Supermazes, by contrast, help to carry theoretical physics approaches to unraveling the black hole mystery beyond where Einstein left off with general relativity, offering physicists a chance to explore the microscopic structure of black holes. This is important because black holes must have an extensive microstructure when considered in terms of quantum gravity.

Supermazes and Fuzzballs

Substituting more conventional notions of black holes with objects known in string theory as “fuzzballs” is one way of achieving this. Warner and his colleagues argue that fuzzballs can be constructed theoretically using supermazes of physical objects that exist in a higher spacetime dimension.

The incredible result, Warner says, is the creation of an object that exhibits its entire structure, all while still behaving like a black hole.

Using general relativity to achieve what he and his team seek to accomplish would be like using a camera armed with just a single pixel to capture an image of Michelangelo’s famous painting, The Last Judgement, which would provide only a pinpoint of color from the painting.

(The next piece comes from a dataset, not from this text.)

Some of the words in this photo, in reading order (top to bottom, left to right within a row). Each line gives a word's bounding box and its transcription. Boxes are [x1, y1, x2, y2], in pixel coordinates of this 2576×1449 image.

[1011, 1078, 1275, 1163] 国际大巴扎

“Our earlier work gave us a picture with maybe 1,000 pixels: outlines of structures and some of the shading,” Warner says. By contrast, employing supermazes is comparable to “having many, many billions of pixels enabling us to admire the masterpiece in detail.”

Building a Black Hole in M-Theory with Supermazes

Warner and the team’s work focuses on M-theory, which unifies all the consistent versions of superstring theory in modern physics by positing that the fundamental “strings” of the universe aren’t one-dimensional, but instead exist as membranes, otherwise known to physicists as “branes,” in higher dimensions. These objects can traverse multiple spatial dimensions, featuring surfaces that hold an important place in both M-theory and string theory.

Warner and his team focused their study on the intersecting systems of M2-branes and M5-branes (the latter being five-dimensional when compared with the two-dimensional former variety) all in relation to supergravity as an approximation of M-theory.

“We think of the maze as the ‘substrate’ upon which all the information about whatever made the black hole, or ever fell into it, can be encoded,” Warner explained. Their investigations into the maze function at the heart of the intersections between branes offered useful insights for the team into how mazes can reproduce black hole entropy, and may potentially even describe their microstates.


Chang'e-5


Maze Functions and Supergravity Solutions

Although the intersections of branes are nothing new in the study of string theory, these ideas are taking on new life in Warner and his colleagues’ work, offering new perspectives, as well as unique geometries that can be used to detail the behavior of black holes. Newly presented in the team’s research, however, is a unique mathematical construc called a “maze function” that they use to characterize solutions for intersecting systems of M2 and M5 branes in supergravity.

“Maze functions play a pivotal role in linking the brane configurations to supergravity solutions, which in turn provide a new way to explore black-hole microstates,” Warner said. According to the team’s findings, this maze function has to conform to equations similar to the famous Monge-Ampère equation which relates to M2 and M5 brane intersection geometry and other characteristics.

“The maze function is the billion-pixel camera that can give us a deep and detailed picture of the microstructure of black holes,” Warner said, adding that the team’s work is a first step toward developing a more complete description of the microstructure of brane black holes in string theory.

The team recently reported their findings in a study in the Journal of High Energy Physics.